Aguas residuales urbanasEn el proceso de tratamiento de las aguas residuales urbanas se consume grandes cantidades de energía, siendo el coste de la energía uno de los costes más importantes de todo el proceso de depuración. Con la finalidad de disminuir el elevado coste de la energía, un grupo de investigación del Departamento de Ingeniería Química Biológica y Ambiental de la Universitat Autònoma de Barcelona está desarrollando el proyecto LIFE SAVING E, coordinado por el Dr. Julián Carrera y financiado por el programa LIFE de la Unión Europea, el cual se plantea como objetivo la modificación del proceso de depuración para que éste pase de consumir energía a producirla en términos de balance neto. De hecho, se estima que a nivel de la Unión Europea un sistema así supondría un ahorro de entre 500 y 1.000 millones de euros al año para los países de la Unión.

El Dr. Julián Carrera ha accedido amablemente a responder a las preguntas planteadas por Condorchem Envitech para que los lectores de este blog puedan conocer mejor el proyecto LIFE SAVING E.

Dr. Carrera, ¿cómo es posible que una depuradora urbana sea capaz de generar energía en vez de consumirla?

Actualmente, en una depuradora urbana se eliminan básicamente dos tipos de contaminación, la materia carbonosa y la que contiene nitrógeno. Para llevar a cabo el proceso es necesario aportar aire, hecho que provoca un elevado consumo de energía. Una parte de esta energía, hoy en día sí que se puede recuperar al producir biogás. El biogás es una mezcla de metano y CO2 que se produce en un proceso biológico llamado digestión anaerobia. El problema reside en que sólo se recupera aproximadamente el 40% de la energía total que se consume. Por lo tanto, en el balance global, actualmente las depuradoras consumen energía. Lo que en este proyecto se desea conseguir es poder destinar a la producción de biogás la totalidad del carbono orgánico que contiene el agua residual que entra en la depuradora. El biogás se genera a partir del carbono orgánico del agua residual y, en estos momentos, una parte del carbono orgánico no se puede utilizar para producir biogás porque se necesita para eliminar el nitrógeno. El proyecto LIFE SAVING-E, lo que introduce como novedad, es la eliminación del nitrógeno sin la necesidad de utilizar carbono orgánico. Así, se puede dedicar todo el carbono orgánico a la producción de biogás, produciendo mayor cantidad de biogás y, por tanto, mucha más energía.

Entonces, el factor clave que hace innovador el proyecto es el la posibilidad de eliminar el nitrógeno sin la necesidad de consumir carbono orgánico. ¿Cómo es esto posible?
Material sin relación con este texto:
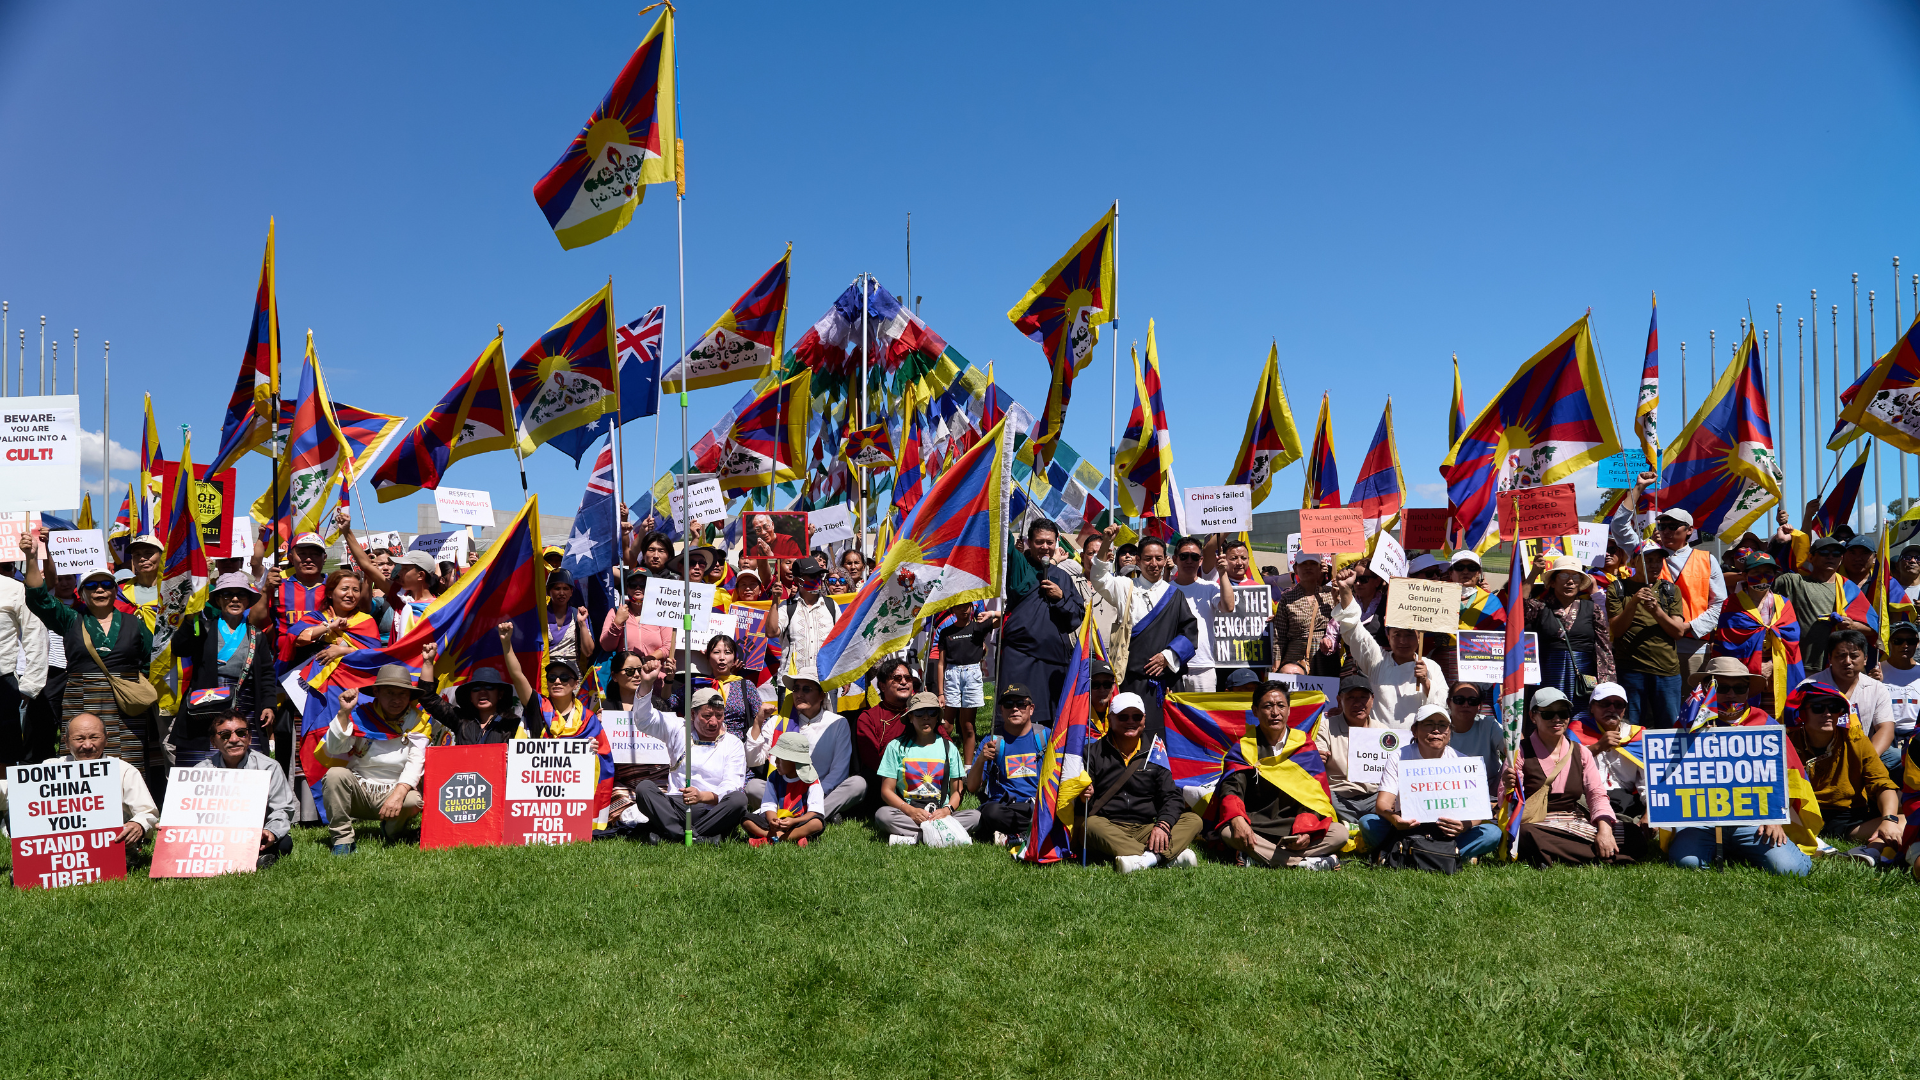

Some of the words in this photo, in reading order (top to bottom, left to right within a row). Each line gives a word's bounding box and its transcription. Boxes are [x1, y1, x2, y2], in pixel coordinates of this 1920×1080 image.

Así es. Actualmente, para eliminar el nitrógeno se llevan a cabo dos procesos biológicos. El primero se denomina nitrificación y en él se necesita oxígeno; el segundo se llama desnitrificación y requiere el consumo de carbono orgánico. Para eliminar el nitrógeno sin consumir carbono orgánico, se utilizará el primer paso – la nitrificación, en el que se necesita oxígeno -, pero se llevará a cabo de una manera más corta de lo que se hace actualmente. Por tanto, se utilizará una menor cantidad de oxígeno del que se requiere actualmente. Aquí ya se produce un ahorro en el consumo de energía. Y, por otro lado, el segundo proceso – la desnitrificación , se realizará sin consumir carbono orgánico utilizando un tipo de bacterias novedoso que actualmente no se utilizan en las depuradoras. Son llamadas bacterias anammox, crecen de forma autótrofa – sin utilizar el carbono orgánico en su crecimiento – y fueron encontradas el año 1995, relativamente hace poco tiempo.

¿Qué hacen las bacterias anammox para eliminar el nitrógeno sin necesidad de carbono orgánico?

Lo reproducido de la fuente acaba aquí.